Aber es gibt noch Hürden

Obwohl die KI im Büro-Komplex ("The Last Ones") beeindruckend war, gab es zwei Probleme:

  1. Die "Spitzel"-Hürde: Bei den letzten Schritten (z. B. Entschlüsseln von Passwörtern oder Reverse Engineering) gab es eine massive Wand. Die KI konnte hier oft nicht weiter, weil sie noch nicht genug "Spezialwissen" hat. Es ist, als würde ein Generalist versuchen, eine spezielle Herzoperation durchzuführen – er kennt die Grundlagen, aber die feinen Details fehlen ihm noch.
  2. Das Kraftwerk ("Cooling Tower"): Hier war die KI noch viel schwächer. Sie schaffte im Durchschnitt nur 1,4 von 7 Schritten.
    • Warum? Das Kraftwerk ist chaotischer. Die KI wurde oft abgelenkt.
    • Die Überraschung: Die KI hat manchmal Wege gefunden, die die Menschen gar nicht geplant hatten! Statt den geplanten Weg über eine Webseite zu gehen, hat sie direkt mit dem Maschinen-Protokoll gesprochen und durch "Raten" (Brute-Force) einen Fehler im System gefunden. Das war clever, aber auch unvorhersehbar.

Was bedeutet das für uns?

  • Die Gefahr wächst: KI wird schneller besser im Hacken. Wenn man ihr genug Zeit und Rechenleistung gibt, kann sie komplexe Angriffe fast so gut wie ein Mensch starten, aber viel schneller und ohne zu schlafen.
  • Kein Genie nötig: Man muss kein Computer-Experte sein, um diese KI zu nutzen. Man muss ihr nur genug "Geld" (Rechenzeit) geben, und sie erledigt die Arbeit.
  • Noch nicht perfekt: Die KI ist noch nicht so gut, dass sie alles allein schafft.

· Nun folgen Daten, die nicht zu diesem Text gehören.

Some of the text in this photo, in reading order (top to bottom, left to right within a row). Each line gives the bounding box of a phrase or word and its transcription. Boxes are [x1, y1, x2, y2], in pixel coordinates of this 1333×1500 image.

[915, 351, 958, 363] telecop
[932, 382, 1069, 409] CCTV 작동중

Sie braucht noch Hilfe bei den schwierigsten Teilen (wie spezielle Verschlüsselungen knacken). Aber sie wird jeden Monat besser.

Fazit in einem Satz

Die KI entwickelt sich rasant weiter und kann heute schon komplexe Cyber-Angriffe zu einem großen Teil allein durchführen – je mehr Zeit man ihr gibt, desto gefährlicher wird sie, auch wenn sie bei den allerletzten, schwierigsten Schritten noch stolpert.

Die große Warnung: Wir müssen uns jetzt Sorgen machen, wie wir uns gegen diese sich schnell verbessernden digitalen Angreifer schützen, bevor sie eines Tages alles perfekt können.